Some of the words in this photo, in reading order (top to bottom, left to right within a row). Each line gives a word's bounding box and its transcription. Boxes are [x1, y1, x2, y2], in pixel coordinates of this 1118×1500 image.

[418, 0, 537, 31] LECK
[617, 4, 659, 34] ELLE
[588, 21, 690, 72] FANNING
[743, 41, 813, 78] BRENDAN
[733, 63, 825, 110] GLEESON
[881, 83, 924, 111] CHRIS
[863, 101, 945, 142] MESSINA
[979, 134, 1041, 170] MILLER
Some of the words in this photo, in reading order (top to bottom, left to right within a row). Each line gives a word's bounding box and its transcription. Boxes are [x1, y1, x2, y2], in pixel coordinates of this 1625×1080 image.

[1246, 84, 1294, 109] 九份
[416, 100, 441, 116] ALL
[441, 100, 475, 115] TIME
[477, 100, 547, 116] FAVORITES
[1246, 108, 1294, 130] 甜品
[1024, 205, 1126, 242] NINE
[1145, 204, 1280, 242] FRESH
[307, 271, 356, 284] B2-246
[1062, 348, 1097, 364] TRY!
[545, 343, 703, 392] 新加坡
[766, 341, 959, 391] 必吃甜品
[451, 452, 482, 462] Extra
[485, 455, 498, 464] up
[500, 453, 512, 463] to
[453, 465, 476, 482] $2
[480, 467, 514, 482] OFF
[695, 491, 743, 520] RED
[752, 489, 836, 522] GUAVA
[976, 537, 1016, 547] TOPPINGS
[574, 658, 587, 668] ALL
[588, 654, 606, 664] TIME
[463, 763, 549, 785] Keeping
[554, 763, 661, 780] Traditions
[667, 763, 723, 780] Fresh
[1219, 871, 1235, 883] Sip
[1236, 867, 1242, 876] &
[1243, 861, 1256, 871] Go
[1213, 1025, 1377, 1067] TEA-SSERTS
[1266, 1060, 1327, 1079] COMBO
---
Nothing in the data should be altered; please repeat it exactly.

- **Your solution**
Some of the words in this photo, in reading order (top to bottom, left to right within a row). Each line gives a word's bounding box and its transcription. Boxes are [x1, y1, x2, y2], in pixel coordinates of this 1118×1500 image.

[418, 0, 537, 31] LECK
[617, 4, 659, 34] ELLE
[588, 21, 690, 72] FANNING
[743, 41, 813, 78] BRENDAN
[733, 63, 825, 110] GLEESON
[881, 83, 924, 111] CHRIS
[863, 101, 945, 142] MESSINA
[979, 134, 1041, 170] MILLER
Some of the words in this photo, in reading order (top to bottom, left to right within a row). Each line gives a word's bounding box and its transcription. Boxes are [x1, y1, x2, y2], in pixel coordinates of this 1625×1080 image.

[1246, 84, 1294, 109] 九份
[416, 100, 441, 116] ALL
[441, 100, 475, 115] TIME
[477, 100, 547, 116] FAVORITES
[1246, 108, 1294, 130] 甜品
[1024, 205, 1126, 242] NINE
[1145, 204, 1280, 242] FRESH
[307, 271, 356, 284] B2-246
[1062, 348, 1097, 364] TRY!
[545, 343, 703, 392] 新加坡
[766, 341, 959, 391] 必吃甜品
[451, 452, 482, 462] Extra
[485, 455, 498, 464] up
[500, 453, 512, 463] to
[453, 465, 476, 482] $2
[480, 467, 514, 482] OFF
[695, 491, 743, 520] RED
[752, 489, 836, 522] GUAVA
[976, 537, 1016, 547] TOPPINGS
[574, 658, 587, 668] ALL
[588, 654, 606, 664] TIME
[463, 763, 549, 785] Keeping
[554, 763, 661, 780] Traditions
[667, 763, 723, 780] Fresh
[1219, 871, 1235, 883] Sip
[1236, 867, 1242, 876] &
[1243, 861, 1256, 871] Go
[1213, 1025, 1377, 1067] TEA-SSERTS
[1266, 1060, 1327, 1079] COMBO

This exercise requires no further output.